Figure 5

Distributions of read numbers of CMV-NLV-specific TCRβ clonotypes. Cells from the HLA-A2-positive and CMV-seropositive donors V001 and V004 that were detected using the HLA-A2-NLV tetramer probe were sorted and isolated from unstimulated PBMCs (a,d) and PBMCs stimulated once (b,e) or twice (c,f) with the NLV peptide. The sorted cells were then subjected to NGS. Each marker in the plots shows one unique read of CMV NLV-specific TCRβ. The TCRβ clonotypes are ordered according to their frequencies on the x-axis. The y-axis depicts the read number of the clonotypes. Shared CMV NLV-specific TCRs and unshared CMV NLV-specific TCRs are shown as red circles and red dots, respectively.
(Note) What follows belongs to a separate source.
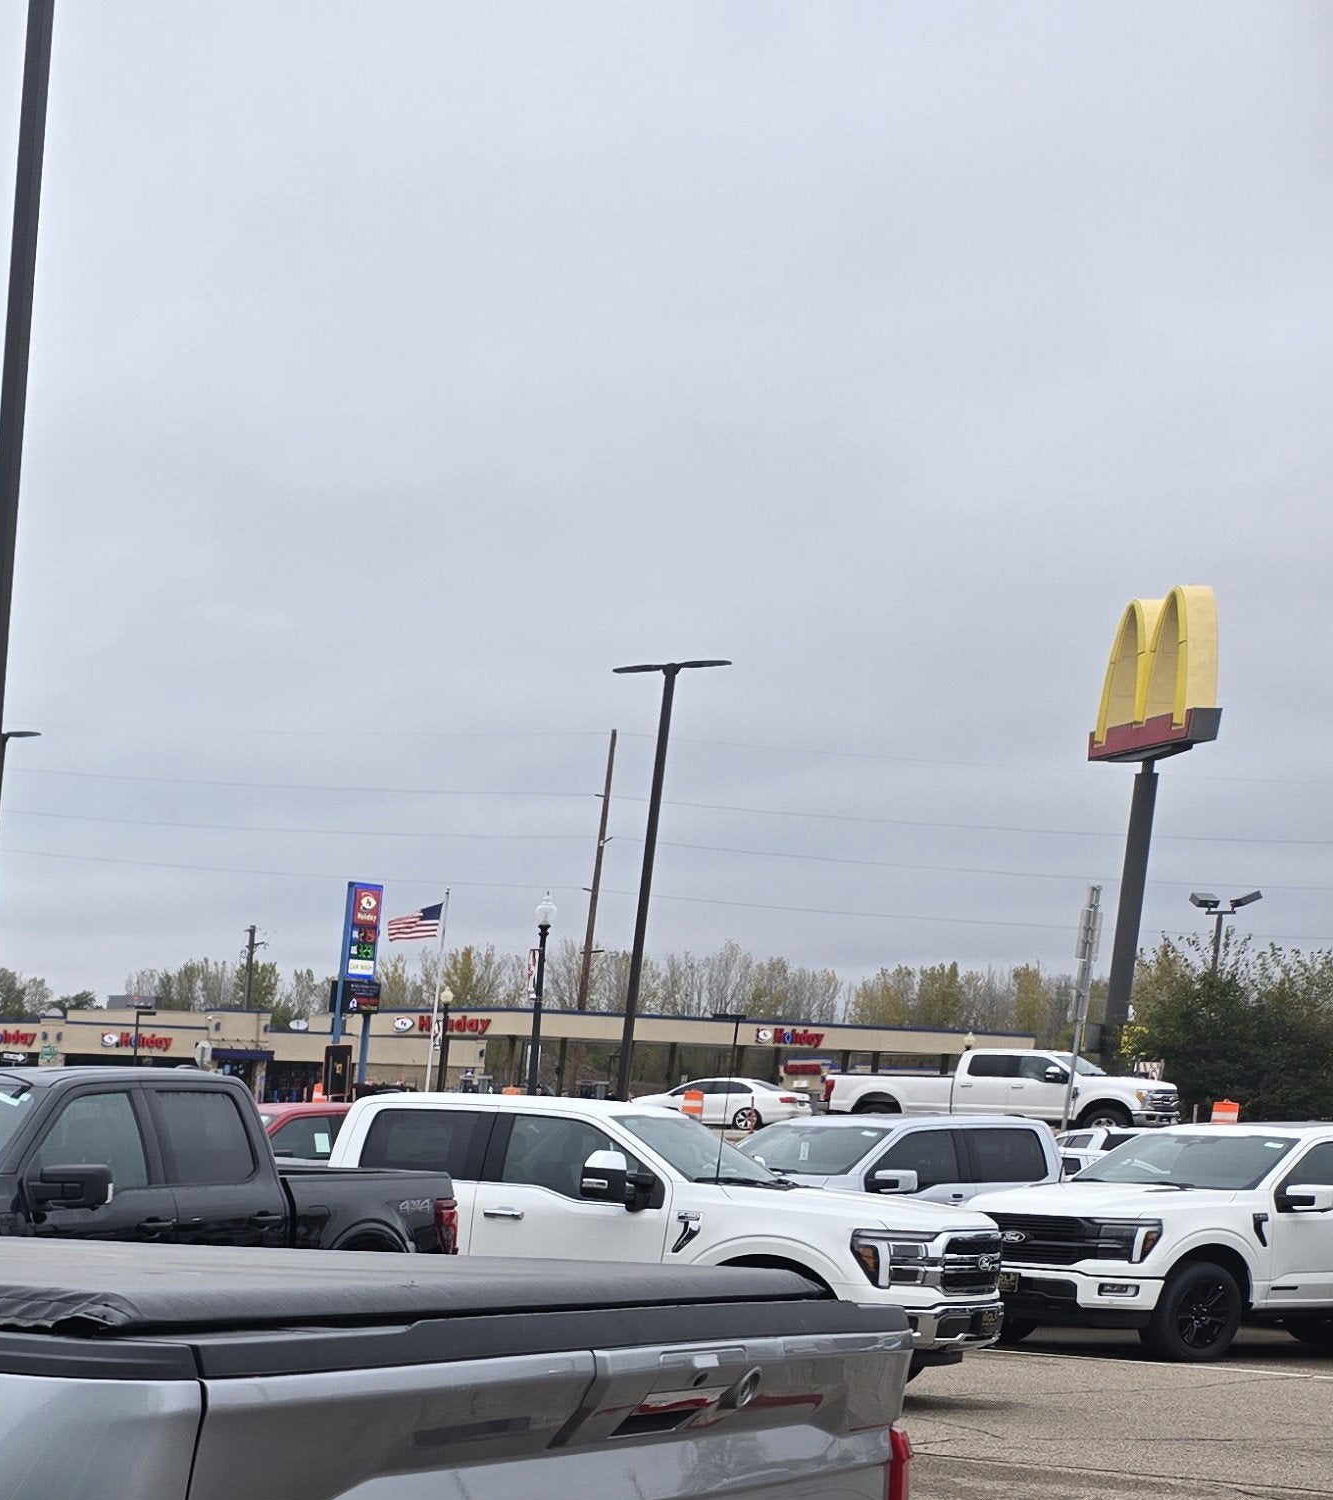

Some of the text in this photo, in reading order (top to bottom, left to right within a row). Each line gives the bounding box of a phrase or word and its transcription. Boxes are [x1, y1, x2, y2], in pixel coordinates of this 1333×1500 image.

[418, 1014, 492, 1035] Hiday
[120, 1031, 173, 1050] Holiday
[773, 1027, 825, 1049] Holiday
Orange thick circle represents one of nine dominant TCRs in V001 (TCR ID; 001-17, 001-48, 001-41) and V004 (TCR ID; 004-66, 004-22, 004-63, 004-30, 004-28 and 004-71) (Fig. 2a). The sizes of the circles represent the number of sharing (two to five) among the five donors. The largest circle indicates that the corresponding TCR clonotype were shared by the five donors. The Wilcoxon rank-sum test was performed to assess whether public CMV NLV TCRs occupy a higher rank of the read numbers compared with the private CMV NLV TCRs. Wilcoxon rank-sum test and Kendall’s tau test were performed. All tests were statistically significant (P < 0.05). The ranks (the first to tenth) of %read of CMV NLV-specific TCRβ clonotypes are shown in the tables below the plots.